The atoms then avoid each other, regardless of how many atoms are added to the clock. The gas of atoms effectively turns itself into an insulator, which blocks interactions between constituents.
The result is an atomic clock that can outperform all predecessors. For example, stability can be thought of as how precisely the duration of each tick matches every other tick, which is directly linked to the clock’s measurement precision.
Compared with Ye’s previous 1D clocks, the new 3D quantum gas clock can reach the same level of precision more than 20 times faster due to the large number of atoms and longer coherence times.
The experimental data show the 3D quantum gas clock achieved a precision of just 3.5 parts error in 10 quintillion (1 followed by 19 zeros) in about 2 hours, making it the first atomic clock to ever reach that threshold (19 zeros). “This represents a significant improvement over any previous demonstrations,” Ye said.
The older, 1D version of the JILA clock was, until now, the world’s most precise clock. This clock holds strontium atoms in a linear array of pancake-shaped traps formed by laser beams, called an optical lattice. The new 3D quantum gas clock uses additional lasers to trap atoms along three axes so that the atoms are held in a cubic arrangement.
This clock can maintain stable ticks for nearly 10 seconds with 10,000 strontium atoms trapped at a density above 10 trillion atoms per cubic centimeter. In the future, the clock may be able to probe millions of atoms for more than 100 seconds at a time.
Optical lattice clocks, despite their high levels of performance in 1D, have to deal with a tradeoff. Clock stability could be improved further by increasing the number of atoms, but a higher density of atoms also encourages collisions, shifting the frequencies at which the atoms tick and reducing clock accuracy. Coherence times are also limited by collisions. This is where the benefits of the many-body correlation can help.

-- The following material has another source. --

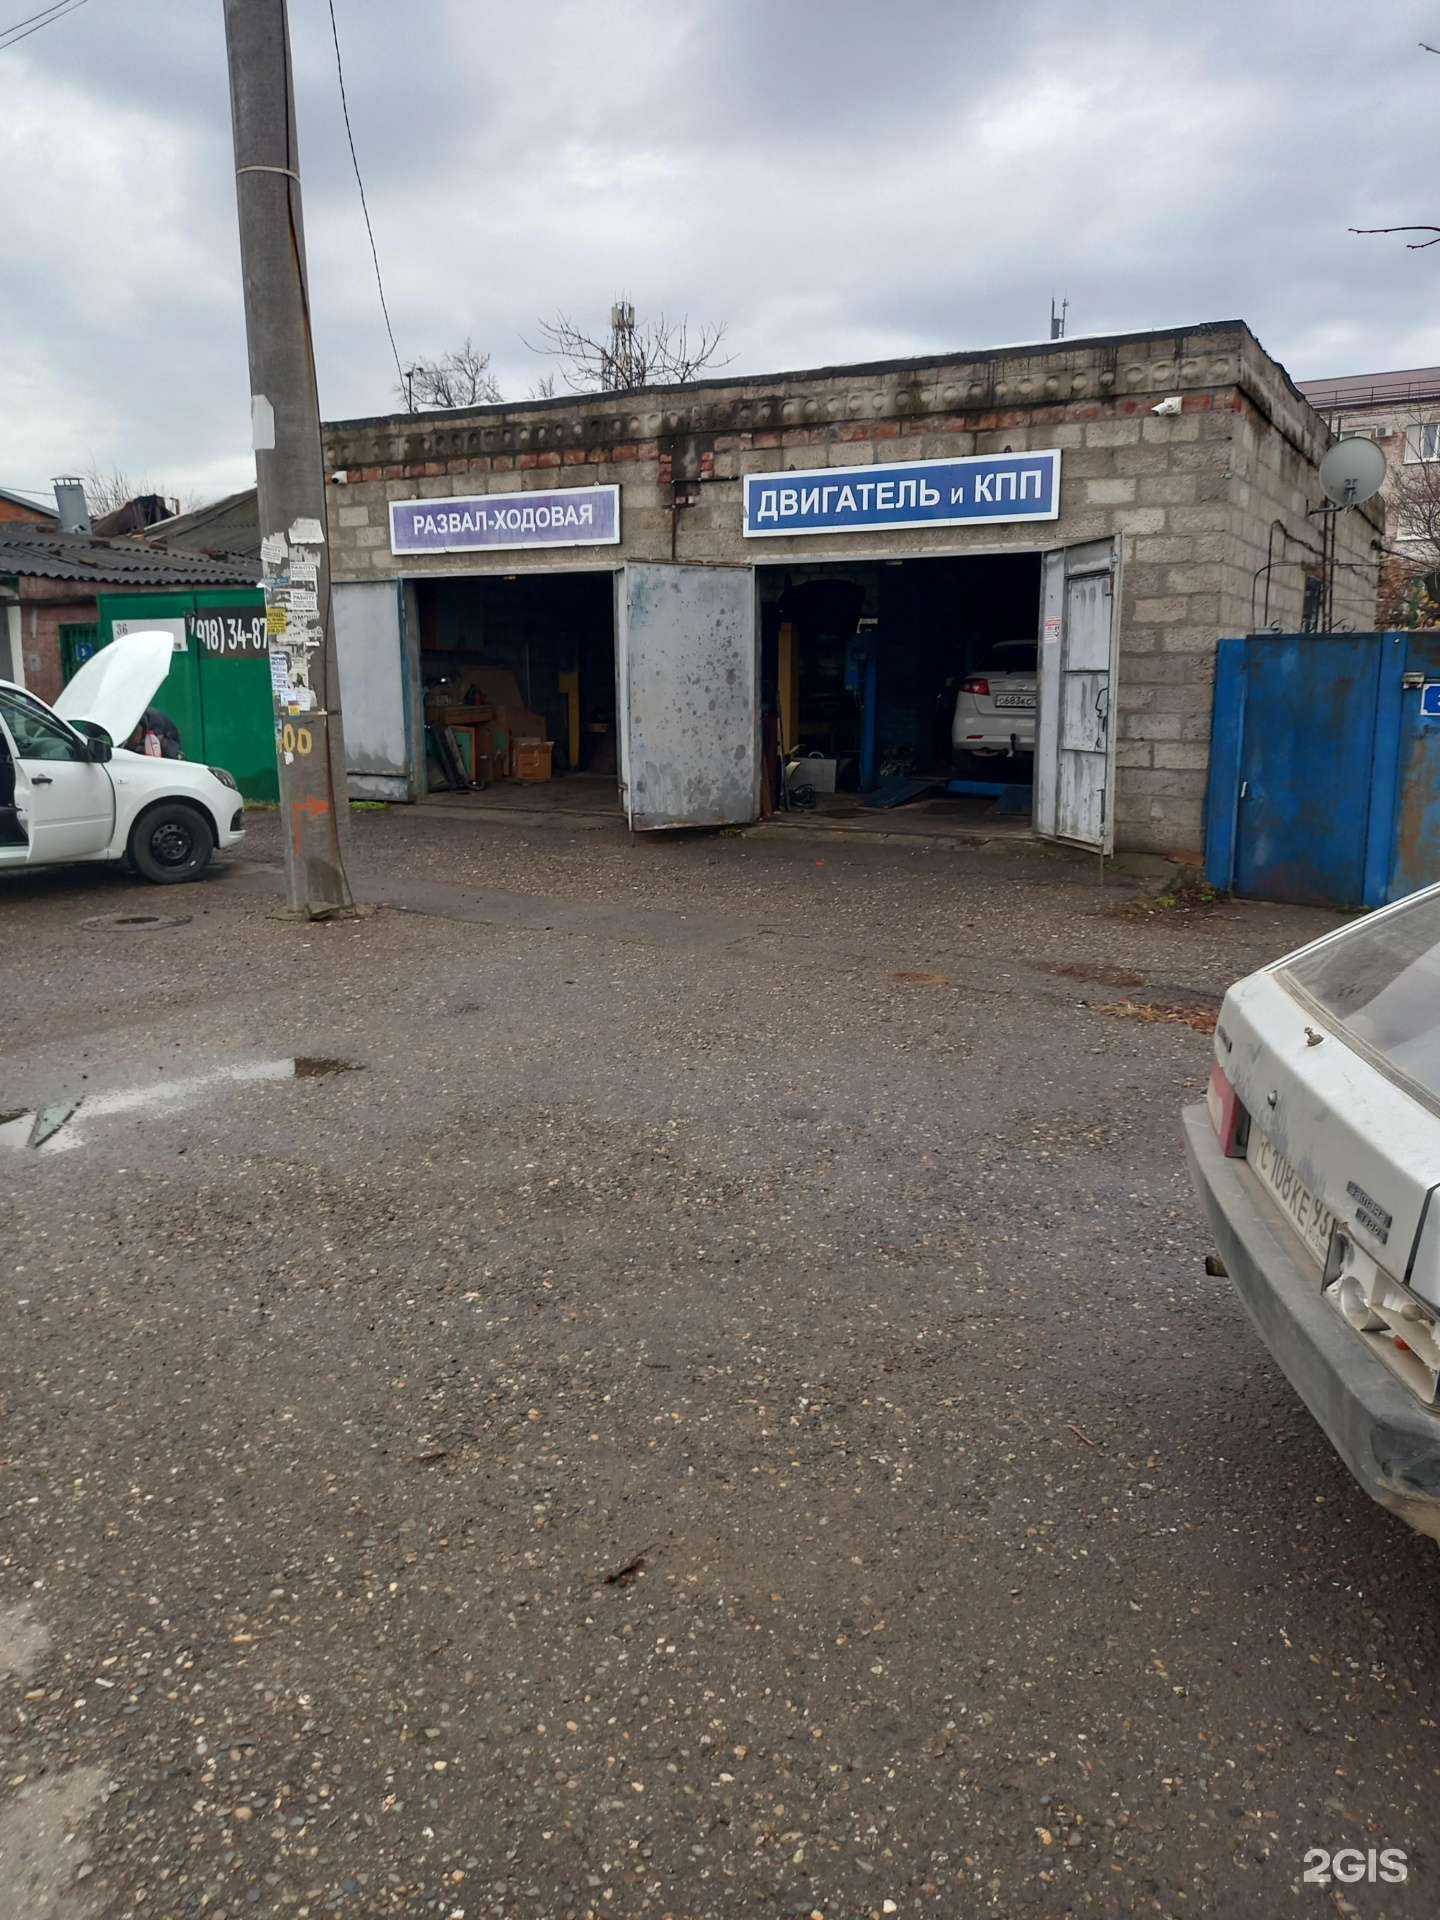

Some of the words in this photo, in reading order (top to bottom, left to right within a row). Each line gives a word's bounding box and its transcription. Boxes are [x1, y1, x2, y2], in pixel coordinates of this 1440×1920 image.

[757, 479, 940, 522] ДВИГАТЕЛЬ
[974, 470, 1042, 503] КПП
[413, 504, 593, 535] РАЗВАЛ-ХОДОВАЯ

The 3D lattice design—imagine a large egg carton—eliminates that tradeoff by holding the atoms in place. The atoms are fermions, a class of particles that cannot be in the same quantum state and location at once.
For a Fermi quantum gas under this clock’s operating conditions, quantum mechanics favors a configuration where each individual lattice site is occupied by only one atom, which prevents the frequency shifts induced by atomic interactions in the 1D version of the clock.

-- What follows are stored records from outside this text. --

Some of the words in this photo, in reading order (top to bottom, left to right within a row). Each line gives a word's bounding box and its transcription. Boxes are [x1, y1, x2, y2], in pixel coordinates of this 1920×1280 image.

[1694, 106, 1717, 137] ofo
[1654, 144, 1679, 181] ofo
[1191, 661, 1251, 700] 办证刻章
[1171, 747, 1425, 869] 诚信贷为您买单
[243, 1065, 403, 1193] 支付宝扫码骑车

JILA researchers used an ultra-stable laser to achieve a record level of synchronisation between the atoms and lasers, reaching a record-high quality factor of 5.2 quadrillion (5.2 followed by 15 zeros).
Quality factor refers to how long an oscillation or waveform can persist without dissipating. The researchers found that atom collisions were reduced such that their contribution to frequency shifts in the clock was much less than in previous experiments.
“This new strontium clock using a quantum gas is an early and astounding success in the practical application of the ‘new quantum revolution,’ sometimes called ‘quantum 2.0’,” said Thomas O’Brian, chief of the NIST Quantum Physics Division and Ye’s supervisor.
“This approach holds enormous promise for NIST and JILA to harness quantum correlations for a broad range of measurements and new technologies, far beyond timing.”
Depending on measurement goals and applications, JILA researchers can optimise the clock’s parameters such as operational temperature (10 to 50 nanokelvins), atom number (10,000 to 100,000), and physical size of the cube (20 to 60 micrometers, or millionths of a meter).
Atomic clocks have long been advancing the frontier of measurement science, not only in timekeeping and navigation but also in definitions of other measurement units and other areas of research such as in tabletop searches for the missing “dark matter” in the universe.
The National Bureau of Standards, now NIST, invented the first atomic clock in 1948. The work is supported by NIST, the Defense Advanced Research Projects Agency and the National Science Foundation.